The measure and another related bill also signed Sunday at the New Mexico State Police headquarters in Albuquerque will allow judges to use the information, including juvenile records, when making sentencing and bail decisions.
“As a career prosecutor, I know firsthand how important it is for our judges to have the most complete criminal history of a defendant,” Martinez said. “It allows them to make better decisions in bail and sentencing that best protect our communities from criminals.”
The bill, called “Jaydon’s Law,” is in reference to Jaydon Chavez-Silver, an Albuquerque teenager who was shot and killed at a party last summer.
The legislation would change the state’s Criminal Procedure Act to give judges access to an adult’s youth records, which currently is not allowed under state law.

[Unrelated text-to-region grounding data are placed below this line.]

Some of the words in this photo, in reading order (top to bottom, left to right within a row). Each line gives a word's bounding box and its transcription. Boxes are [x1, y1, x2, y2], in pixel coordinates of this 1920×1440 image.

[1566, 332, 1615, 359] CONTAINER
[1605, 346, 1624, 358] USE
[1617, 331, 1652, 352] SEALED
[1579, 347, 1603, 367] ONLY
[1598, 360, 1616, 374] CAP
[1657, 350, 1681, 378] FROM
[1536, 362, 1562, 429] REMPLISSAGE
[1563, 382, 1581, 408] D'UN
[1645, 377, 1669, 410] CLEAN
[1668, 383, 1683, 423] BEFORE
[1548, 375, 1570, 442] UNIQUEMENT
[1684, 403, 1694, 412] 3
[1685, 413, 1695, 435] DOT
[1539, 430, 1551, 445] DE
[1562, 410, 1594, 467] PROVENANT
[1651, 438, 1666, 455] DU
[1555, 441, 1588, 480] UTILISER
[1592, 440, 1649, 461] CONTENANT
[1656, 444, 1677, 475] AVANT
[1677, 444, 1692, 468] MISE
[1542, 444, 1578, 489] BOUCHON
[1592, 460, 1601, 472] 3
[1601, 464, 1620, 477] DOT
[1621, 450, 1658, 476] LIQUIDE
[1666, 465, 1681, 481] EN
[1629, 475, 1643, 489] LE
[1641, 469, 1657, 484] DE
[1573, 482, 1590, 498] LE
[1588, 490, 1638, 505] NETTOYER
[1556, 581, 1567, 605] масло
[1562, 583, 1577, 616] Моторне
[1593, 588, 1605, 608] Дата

It would not apply to any crimes committed before age 14.
Republicans pushed the legislation after a number of high-profile crimes in Albuquerque involving repeat offenders.
Another bill signed requires the Administrative Office of the Courts to report those who have been adjudicated as mentally unstable to the National Instant Criminal Background Check System to prevent them from purchasing firearms.
In addition, Martinez also signed into law Senate Bill 21, a measure to establish “Brittany Alerts” in New Mexico.
Based on the Amber and Silver Alert systems, Brittany Alerts will help notify the public of a missing person with physical or mental disabilities.